# Building up my studio hardware collection/set-up



## TheUnfinished (Jan 15, 2017)

I'll try to keep this as brief as I can, so that I actually get to the point... but I'm moving out of the UK soon and want to take some nice hardware gear with me.

I'm planning on grabbing a few noise-making machines, and also really want to add some outboard gear: a little to record some sample material, but primarily to add a rack of nice stuff to process my music through, mixing/mastering etc.

What I have in mind...

SYNTH: Dave Smith OB6, Moog Model D reissue, Korg Odyssey (white face)
DRUM MACHINE: Arturia DrumBrute
STEREO PREAMP: AMS Neve 1073 DPA
EQ: AMS Neve 8803, Kush Audio Clariphonic
COMPRESSOR: API 2500
MONITORS: Neumann KH 120s (if a small new studio), Event Opals (if bigger studio)

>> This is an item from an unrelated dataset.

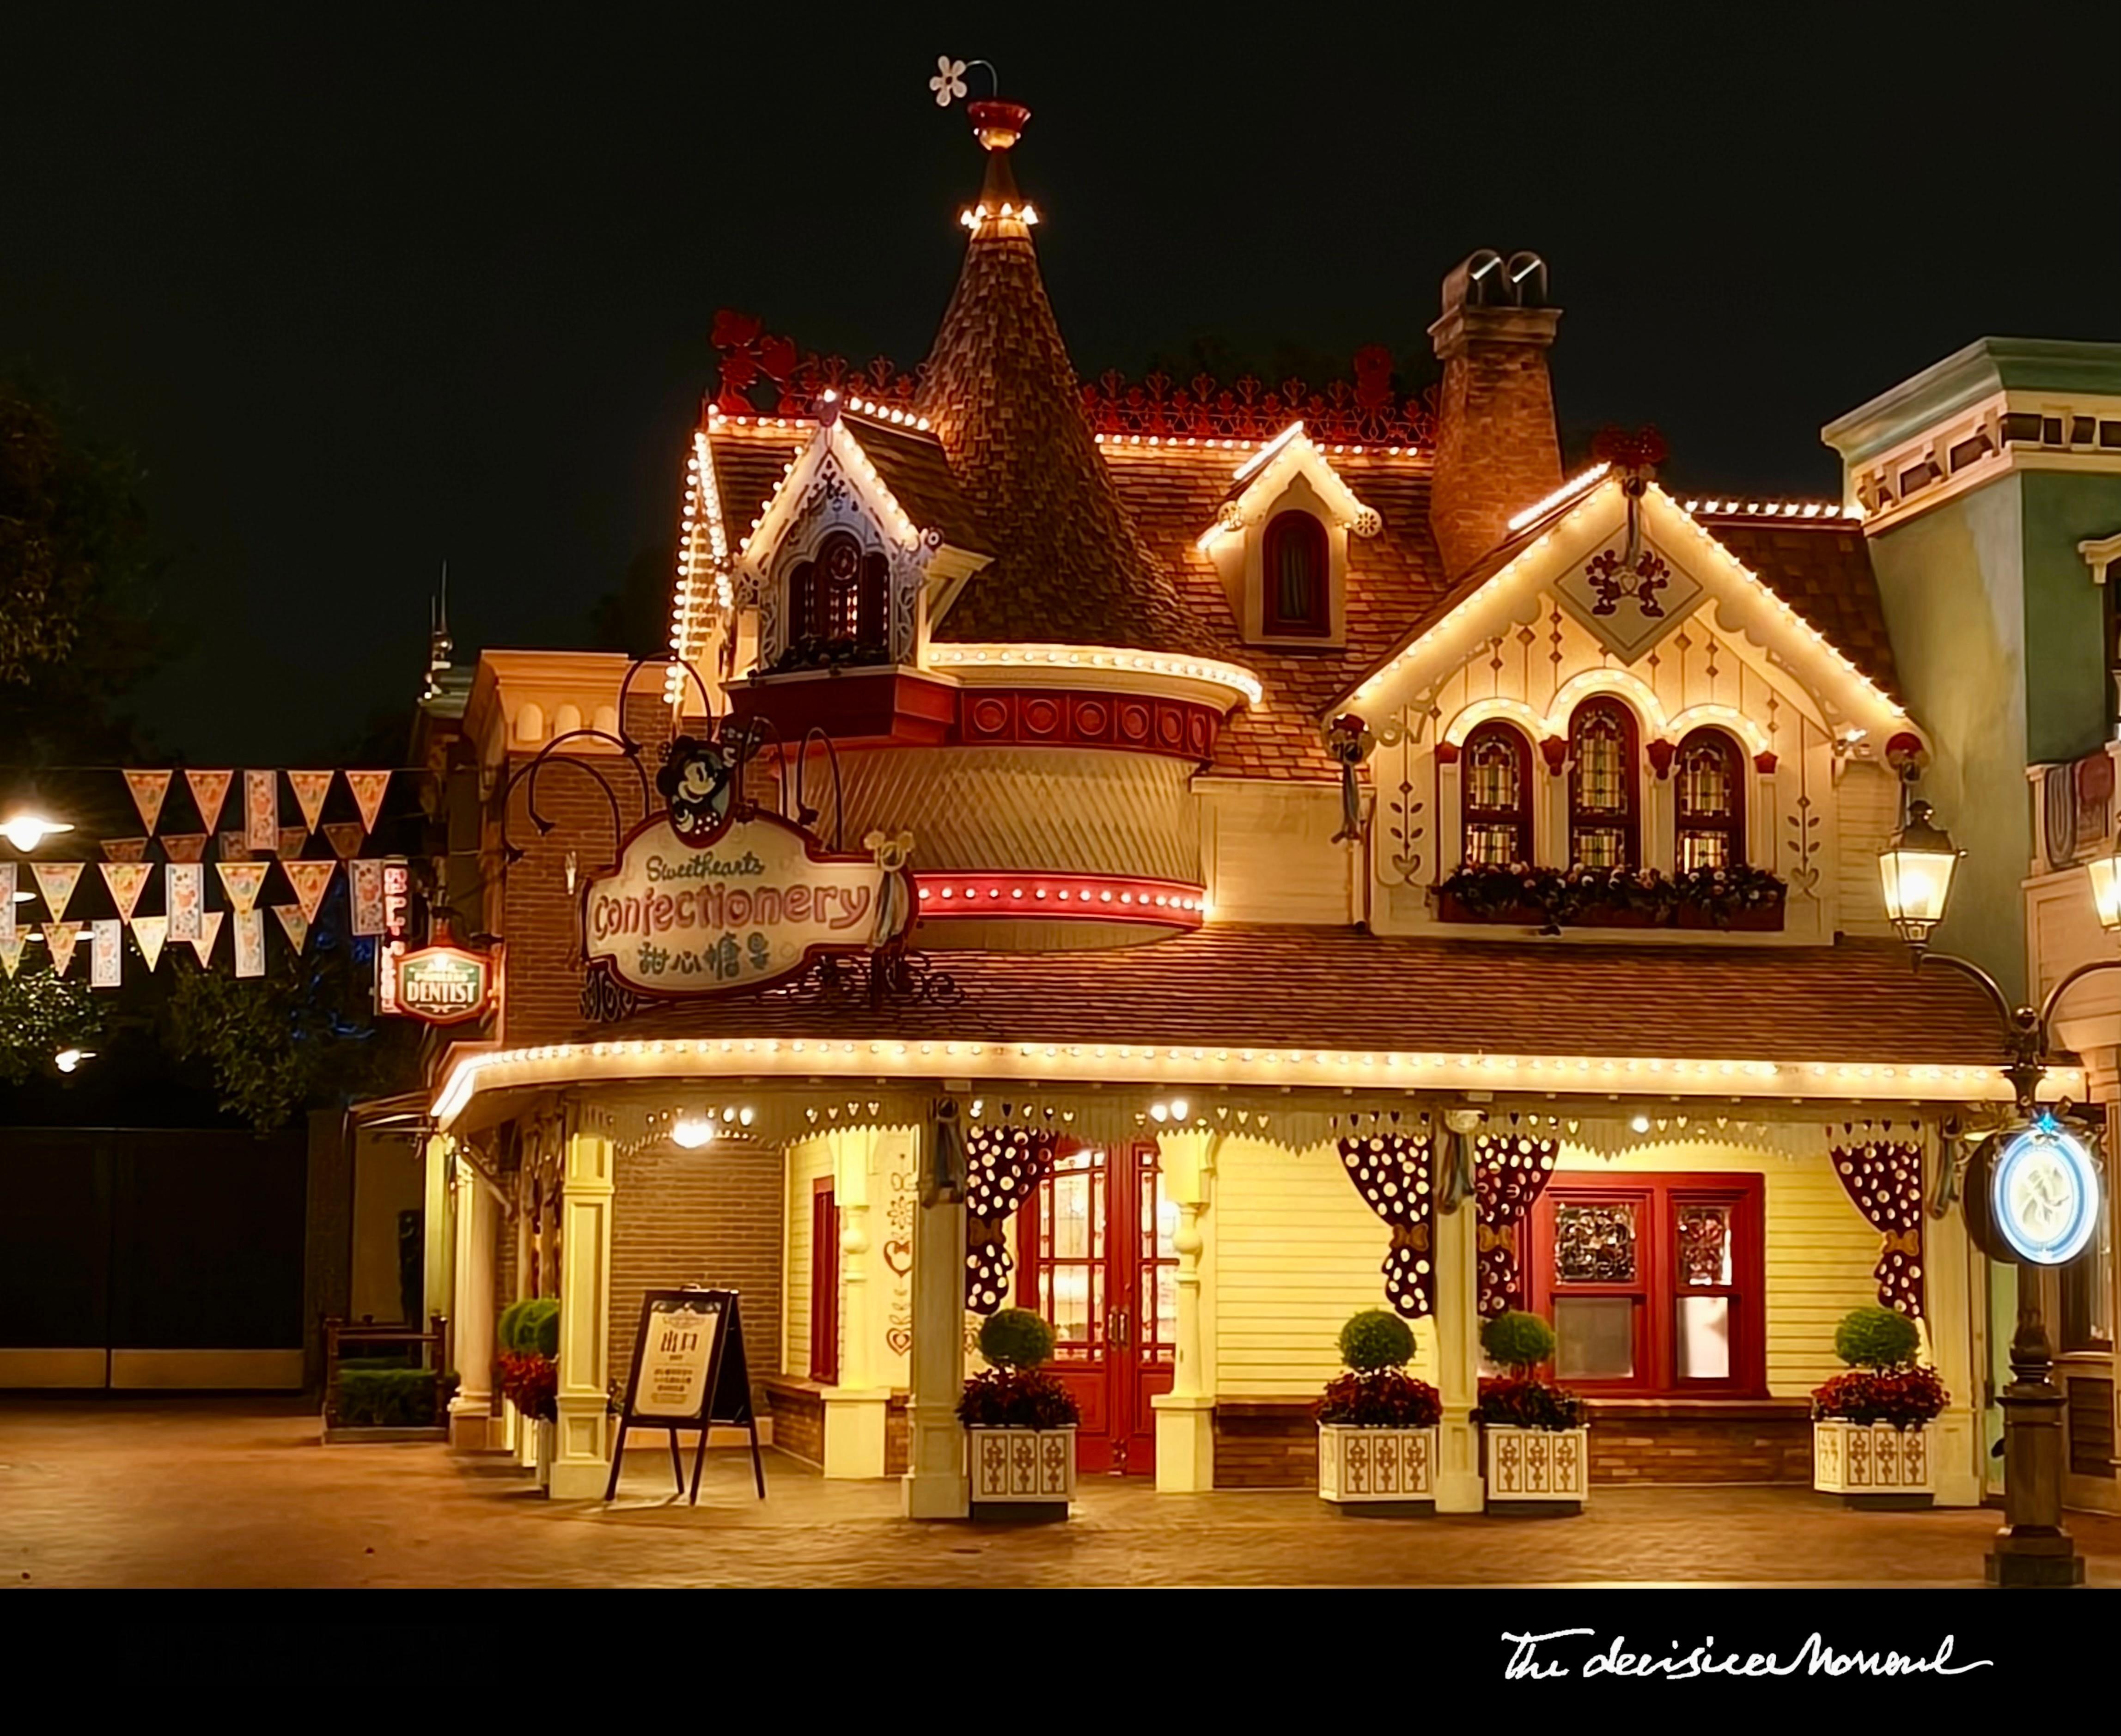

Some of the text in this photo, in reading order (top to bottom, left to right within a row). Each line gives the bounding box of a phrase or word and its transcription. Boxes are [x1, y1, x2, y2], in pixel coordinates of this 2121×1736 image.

[646, 851, 765, 882] Sweethearts
[593, 882, 871, 941] Confectionery
[407, 981, 476, 1003] DENTIST

I've a budget of about £20k to spend. This is all born out of a need to reinvest in the business for tax purposes, so I can spend a little more if necessary.

I'm just looking to see if anyone has any other suggestions for me to take a look at that I may have missed. It's nice to window shop after all!

So, feel free to throw some recommendations at me. 

----------------------------------------------------------------------------------------------

Stuff I have already collected (some of which I plan to sell as it will effectively be replaced)... in case it may help any suggestions.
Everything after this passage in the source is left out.